Our overarching goal for this project was to avoid publishing yet another dry, under analyzed and hard to access proteomics dataset. To this end, we complemented our global proteomics with the long-wave functional analysis of SUMO function, presented in Figure 3, and the comprehensive literature analysis and discussion of identified targets that are most pertinent for meiotic prophase. These efforts bring the dataset to life and provides a rich resource that dramatically lowers the bar for our colleagues to analyze the roles of SUMO for their favorite proteins, providing them with a synthesis of pertinent literature and testable hypotheses.

8) Since the authors did not measure protein abundance, it is entirely possible that the changes in the pattern of SUMOylation of a given protein are simply determined by the expression level, rather than regulated modification. This is probably the case for many of the proteins detected. It would be worth briefly discussing in the manuscript how specific patterns of SUMO modification might be achieved. Perhaps some of the strongest SUMO "hits" are detected simply because they are the most abundant proteins in the cell, while in reality only a relatively tiny fraction of the total protein is SUMOylated?

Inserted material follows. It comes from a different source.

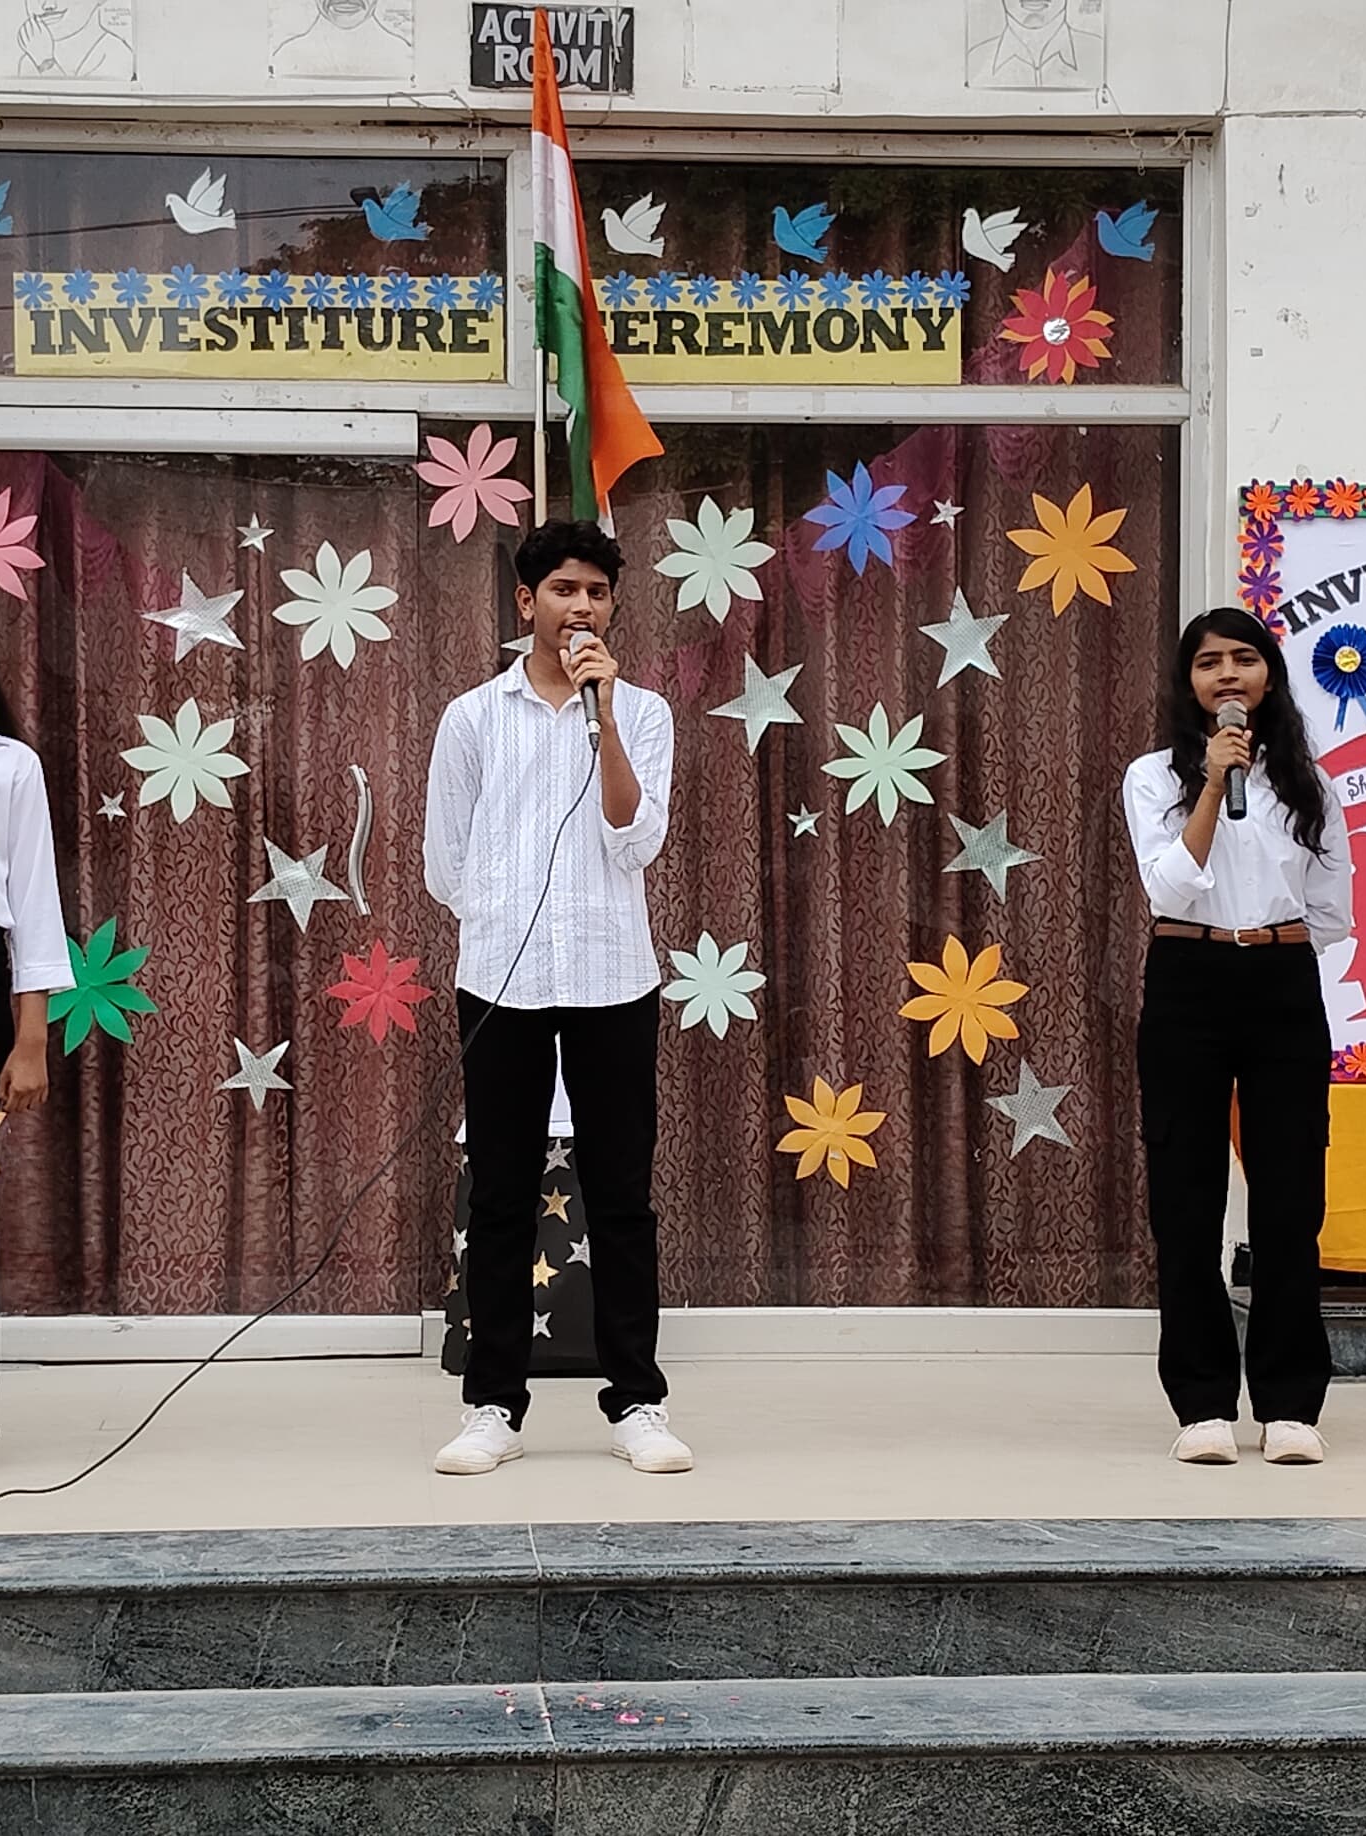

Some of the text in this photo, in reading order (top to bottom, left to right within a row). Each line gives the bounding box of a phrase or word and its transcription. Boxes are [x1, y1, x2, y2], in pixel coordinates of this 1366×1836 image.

Please see our response to point 1. This is more or less the same issue.

9) The authors refer to the dataset as the “SUMO-modified meiotic proteome" (for example in the running title). This can create the wrong impression that the whole of meiosis is analysed – this is not the case as many of the key events in meiosis are not covered (meiosis I, meiosis II, sporulation, etc). The authors should be more precise whenever referring to the dataset as being the “SUMO-modified meiotic proteome”.

We made the title, running head and subheading less specific.